Lo diciamo? Diciamolo. A Oria, prima e unica presunta “enclave” della Xylella, hanno tagliato non una, ma due volte. Tantissime, se si considera che l’epicentro dell’epidemia risiede altrove. Qualcuno si è opposto, altri hanno incassato. Osservare oggi quel che accade a Torchiarolo – un terzo di Oria – e nel Leccese, compatto a difesa degli ulivi, è esemplare ma, allo stesso tempo, mortificante.
Ricorsi massicci – nel senso di: proposti in massa – al Tar, presìdi permanenti nelle campagne, proteste pubbliche lungo la superstrada, difese a oltranza. Il sindaco Nicola Serinelli che va in Procura annunciando un esposto per presunte omissioni, peraltro datate, da parte di qualcuno che oggi potrebbero danneggiare tanti.
Un altro mondo, insomma. Peccato che quel mondo disti da Oria, dove gli ulivi condannati a morte sono molti di più, appena una manciata di chilometri.
I manifestanti del Leccese sono venuti a Oria, quando si sono sentiti chiamati in causa. Quelli di Oria, invece, l’altro ieri, ieri e oggi dov’erano? A presidiare cosa? Campi di rassegnazione mista a invidia e revanscismo spicciolo o a coltivare la solita politica del Nimby (Not in my backyard, non nel mio cortile)?

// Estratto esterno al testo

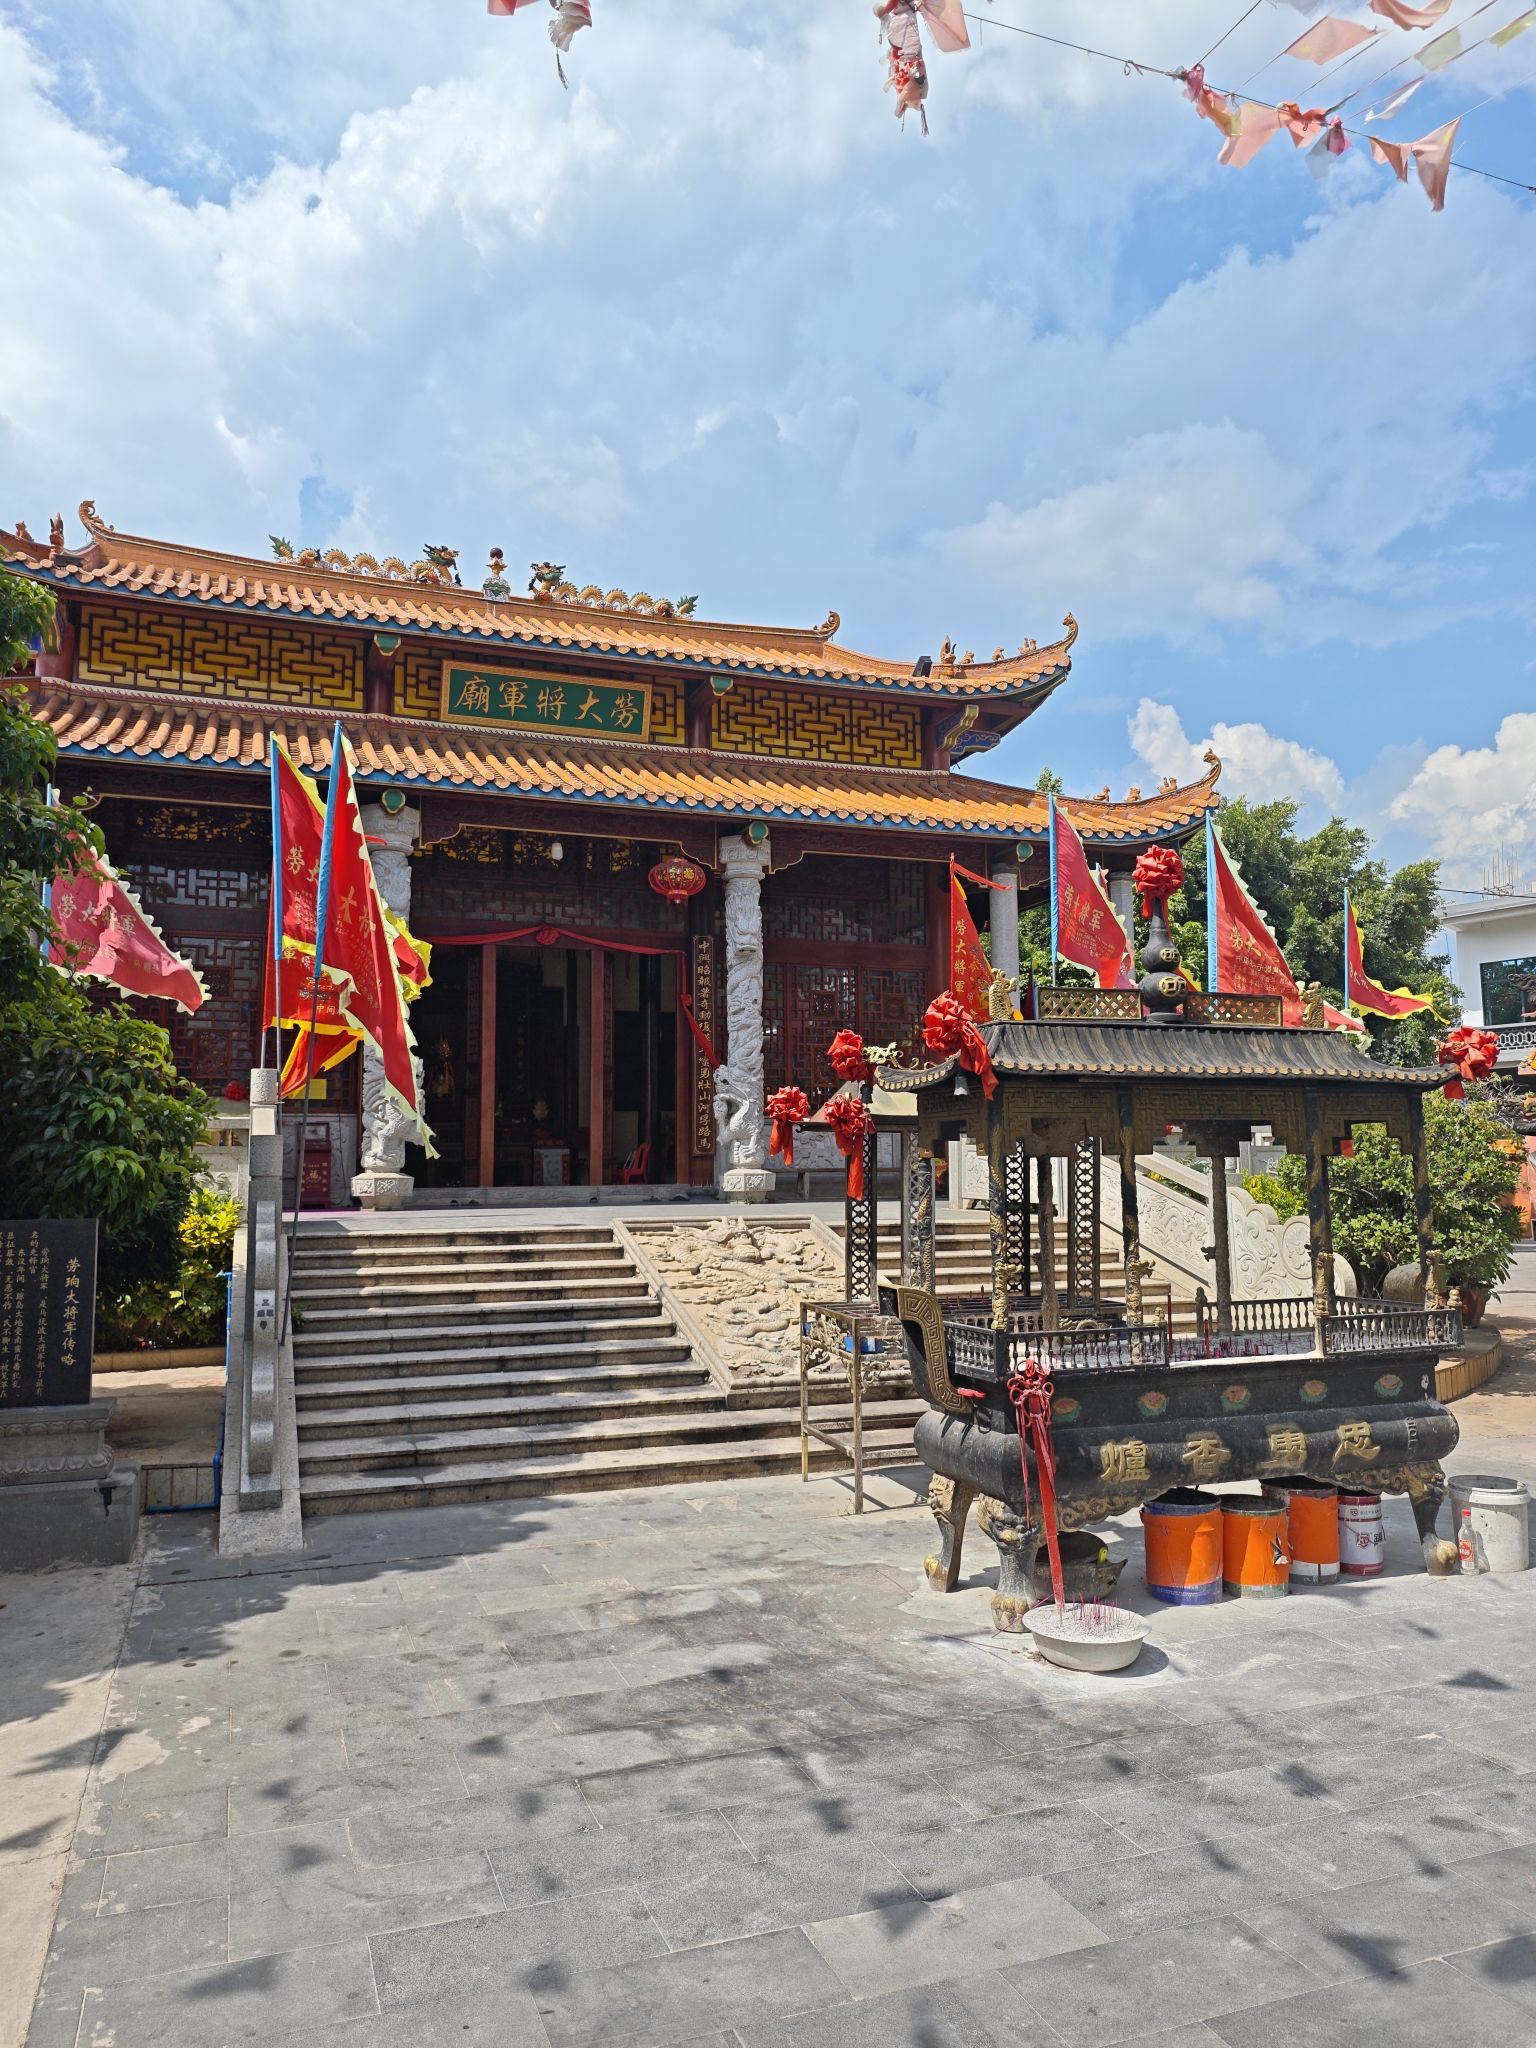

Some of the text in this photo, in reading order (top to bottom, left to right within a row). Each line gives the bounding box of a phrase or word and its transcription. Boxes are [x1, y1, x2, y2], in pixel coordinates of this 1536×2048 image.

[453, 675, 640, 729] 勞大將軍廟

No, signore e signori, o una battaglia del genere, una battaglia a difesa delle proprie radici, è comune, perlomeno maggioritaria e partecipata o, semplicemente, quella battaglia non è.
Se dev’essere l’occasione, come sembra, per la manifestazione, seppure implicita, di pigrizia, rancore o anche solo ignavia diffusi e deleteri, tanto vale rassegnarsi.